— WHAT TO PRODUCE —
Every entry that appears below is to be output exactly.

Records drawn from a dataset

━━━━━━━━━━━━━━━━

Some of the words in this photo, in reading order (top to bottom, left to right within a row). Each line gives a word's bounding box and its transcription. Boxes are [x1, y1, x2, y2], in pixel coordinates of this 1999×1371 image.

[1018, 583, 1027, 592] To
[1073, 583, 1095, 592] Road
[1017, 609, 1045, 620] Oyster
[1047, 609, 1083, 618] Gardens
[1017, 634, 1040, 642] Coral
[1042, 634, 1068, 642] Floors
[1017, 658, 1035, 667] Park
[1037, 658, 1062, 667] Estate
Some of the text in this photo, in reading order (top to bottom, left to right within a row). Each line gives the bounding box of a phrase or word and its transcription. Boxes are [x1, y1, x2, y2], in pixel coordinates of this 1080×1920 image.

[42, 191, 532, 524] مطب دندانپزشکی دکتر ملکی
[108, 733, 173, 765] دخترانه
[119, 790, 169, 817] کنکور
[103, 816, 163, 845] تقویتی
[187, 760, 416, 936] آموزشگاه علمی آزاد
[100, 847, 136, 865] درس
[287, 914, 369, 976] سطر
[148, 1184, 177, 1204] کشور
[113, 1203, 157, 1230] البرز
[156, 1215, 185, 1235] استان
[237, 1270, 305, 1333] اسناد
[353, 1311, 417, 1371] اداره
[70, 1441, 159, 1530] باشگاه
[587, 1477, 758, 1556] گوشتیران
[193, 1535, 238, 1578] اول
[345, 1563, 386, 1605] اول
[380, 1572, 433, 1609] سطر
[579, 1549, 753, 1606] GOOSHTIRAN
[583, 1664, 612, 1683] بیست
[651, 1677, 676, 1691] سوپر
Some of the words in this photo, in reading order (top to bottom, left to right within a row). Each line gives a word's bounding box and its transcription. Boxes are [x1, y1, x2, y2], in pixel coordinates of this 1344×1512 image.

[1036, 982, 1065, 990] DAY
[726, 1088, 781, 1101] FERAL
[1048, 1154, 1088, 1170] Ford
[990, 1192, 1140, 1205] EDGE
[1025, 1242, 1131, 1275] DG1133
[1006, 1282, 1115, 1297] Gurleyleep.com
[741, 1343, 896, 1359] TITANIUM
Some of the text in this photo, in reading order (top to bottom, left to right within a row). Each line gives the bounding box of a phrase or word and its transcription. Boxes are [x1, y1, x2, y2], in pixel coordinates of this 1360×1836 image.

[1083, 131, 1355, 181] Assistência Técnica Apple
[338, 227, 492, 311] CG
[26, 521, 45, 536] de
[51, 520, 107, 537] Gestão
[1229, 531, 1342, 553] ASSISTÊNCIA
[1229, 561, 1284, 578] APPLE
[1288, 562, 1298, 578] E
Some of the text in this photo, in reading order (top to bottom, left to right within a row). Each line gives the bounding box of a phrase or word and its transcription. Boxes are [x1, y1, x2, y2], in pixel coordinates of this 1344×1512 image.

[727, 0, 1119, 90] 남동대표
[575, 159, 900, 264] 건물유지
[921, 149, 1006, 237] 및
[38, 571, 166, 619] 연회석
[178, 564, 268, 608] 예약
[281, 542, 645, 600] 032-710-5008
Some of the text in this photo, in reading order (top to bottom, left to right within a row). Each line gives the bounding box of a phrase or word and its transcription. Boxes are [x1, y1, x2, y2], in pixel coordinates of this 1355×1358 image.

━━━━━━━━━━━━━━━━

— REPLY —
Some of the words in this photo, in reading order (top to bottom, left to right within a row). Each line gives a word's bounding box and its transcription. Boxes are [x1, y1, x2, y2], in pixel coordinates of this 1999×1371 image.

[1018, 583, 1027, 592] To
[1073, 583, 1095, 592] Road
[1017, 609, 1045, 620] Oyster
[1047, 609, 1083, 618] Gardens
[1017, 634, 1040, 642] Coral
[1042, 634, 1068, 642] Floors
[1017, 658, 1035, 667] Park
[1037, 658, 1062, 667] Estate
Some of the text in this photo, in reading order (top to bottom, left to right within a row). Each line gives the bounding box of a phrase or word and its transcription. Boxes are [x1, y1, x2, y2], in pixel coordinates of this 1080×1920 image.

[42, 191, 532, 524] مطب دندانپزشکی دکتر ملکی
[108, 733, 173, 765] دخترانه
[119, 790, 169, 817] کنکور
[103, 816, 163, 845] تقویتی
[187, 760, 416, 936] آموزشگاه علمی آزاد
[100, 847, 136, 865] درس
[287, 914, 369, 976] سطر
[148, 1184, 177, 1204] کشور
[113, 1203, 157, 1230] البرز
[156, 1215, 185, 1235] استان
[237, 1270, 305, 1333] اسناد
[353, 1311, 417, 1371] اداره
[70, 1441, 159, 1530] باشگاه
[587, 1477, 758, 1556] گوشتیران
[193, 1535, 238, 1578] اول
[345, 1563, 386, 1605] اول
[380, 1572, 433, 1609] سطر
[579, 1549, 753, 1606] GOOSHTIRAN
[583, 1664, 612, 1683] بیست
[651, 1677, 676, 1691] سوپر
Some of the words in this photo, in reading order (top to bottom, left to right within a row). Each line gives a word's bounding box and its transcription. Boxes are [x1, y1, x2, y2], in pixel coordinates of this 1344×1512 image.

[1036, 982, 1065, 990] DAY
[726, 1088, 781, 1101] FERAL
[1048, 1154, 1088, 1170] Ford
[990, 1192, 1140, 1205] EDGE
[1025, 1242, 1131, 1275] DG1133
[1006, 1282, 1115, 1297] Gurleyleep.com
[741, 1343, 896, 1359] TITANIUM
Some of the text in this photo, in reading order (top to bottom, left to right within a row). Each line gives the bounding box of a phrase or word and its transcription. Boxes are [x1, y1, x2, y2], in pixel coordinates of this 1360×1836 image.

[1083, 131, 1355, 181] Assistência Técnica Apple
[338, 227, 492, 311] CG
[26, 521, 45, 536] de
[51, 520, 107, 537] Gestão
[1229, 531, 1342, 553] ASSISTÊNCIA
[1229, 561, 1284, 578] APPLE
[1288, 562, 1298, 578] E
Some of the text in this photo, in reading order (top to bottom, left to right within a row). Each line gives the bounding box of a phrase or word and its transcription. Boxes are [x1, y1, x2, y2], in pixel coordinates of this 1344×1512 image.

[727, 0, 1119, 90] 남동대표
[575, 159, 900, 264] 건물유지
[921, 149, 1006, 237] 및
[38, 571, 166, 619] 연회석
[178, 564, 268, 608] 예약
[281, 542, 645, 600] 032-710-5008
Some of the text in this photo, in reading order (top to bottom, left to right within a row). Each line gives the bounding box of a phrase or word and its transcription. Boxes are [x1, y1, x2, y2], in pixel coordinates of this 1355×1358 image.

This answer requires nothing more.